Abstract Background and Aims In hemodialysis, intravenous catheter is the most frequent vascular access to begin treatment in patients with chronic kidney disease. Infectious complications are a frequent adverse effect of the vascular access, they may cause vascular access retreat and serious diseases like septic shock, bacterial endocarditis, septic arthritis, venous thromboembolism and death (between 5 and 10%). Leading microorganisms of hemodialysis infection are Gram positive bacteria, while Gram negative are less common. Method Study type and design: Used a descriptive, retrospective, open, observational and analytical cross-sectional study. Sampling type: Non-probabilistic of consecutive cases. Population: Patients diagnosed with CKD 5 KDIGO on renal function replacement therapy with hemodialysis through a temporary or permanent catheter in a private kidney care unit in Mexico City from October 2014 to September 2022. Results We identified 168 cases of CRBSI throughout the 8 years of the study. We found a prevalence of 0.86% for every 100 hemodialysis and a cumulative incidence of 4.97% for every 100 hemodialysis.
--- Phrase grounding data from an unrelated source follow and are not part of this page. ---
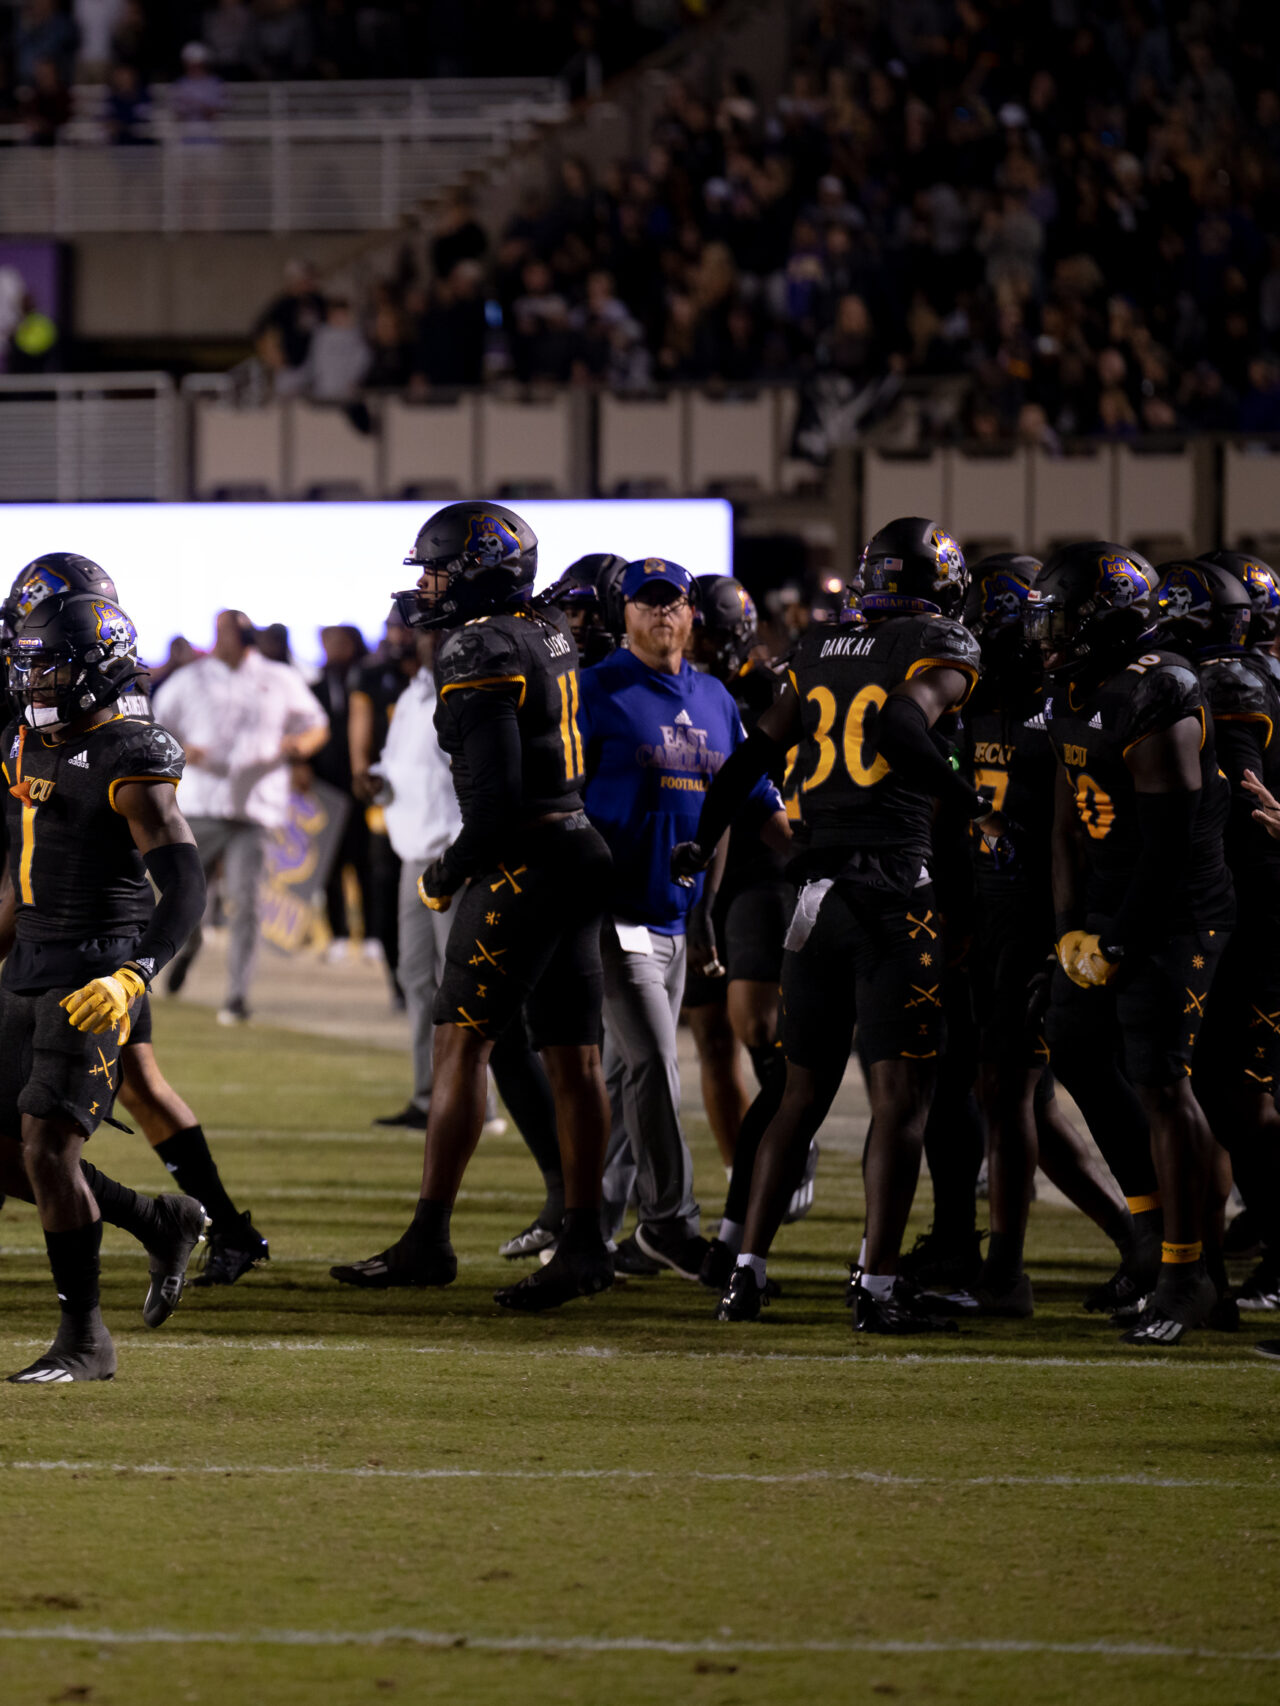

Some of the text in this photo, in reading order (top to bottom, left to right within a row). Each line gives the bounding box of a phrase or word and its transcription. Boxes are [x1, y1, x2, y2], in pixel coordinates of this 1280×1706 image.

[1107, 562, 1126, 574] ECU
[556, 668, 585, 781] 11
[659, 726, 708, 752] EAST
[805, 682, 892, 788] 30
[1063, 743, 1089, 768] ECU
[19, 803, 40, 907] 1
Leading etiology pathogens of CRBSI in the kidney care unit were Gram negative bacteria (76.8%), mainly Enterobacter cloacae (20.8%), Escherichia coli (13.7%), Stenotrophomonas maltophilia (11.9%) and Burkholderia cepacia (4.2%). We found that 51,8% of the Gram negative CRBSI were due to multiresistant bacteria, which led to 5 directly related deaths. On the other hand, Gram positive bacteria caused 23.2% of CRBSI. Staphylococcus aureus and Staphylococcus epidermidis were the most frequent with 8.9% and 8.3%, respectively, with no related deaths. Conclusion Unlike international literature, in our study, gram negative bacteria were the main agents of CRBSI. The prevalence of CRBSI in our study was high, however, infection directly related mortality remained low. These results led us to investigate the origin of the vascular access infection. In an attempt to reduce the number of CRBSI, we emphasized preventive measures, especially hand hygiene of healthcare professionals within the kidney care unit and with the patient's personal environment at home. We would like to recall that empirical therapy should be based on the results of the kidney care unit microbiology and antibiotic sensitivity, to reduce CRBSI episodes and bacterial resistance.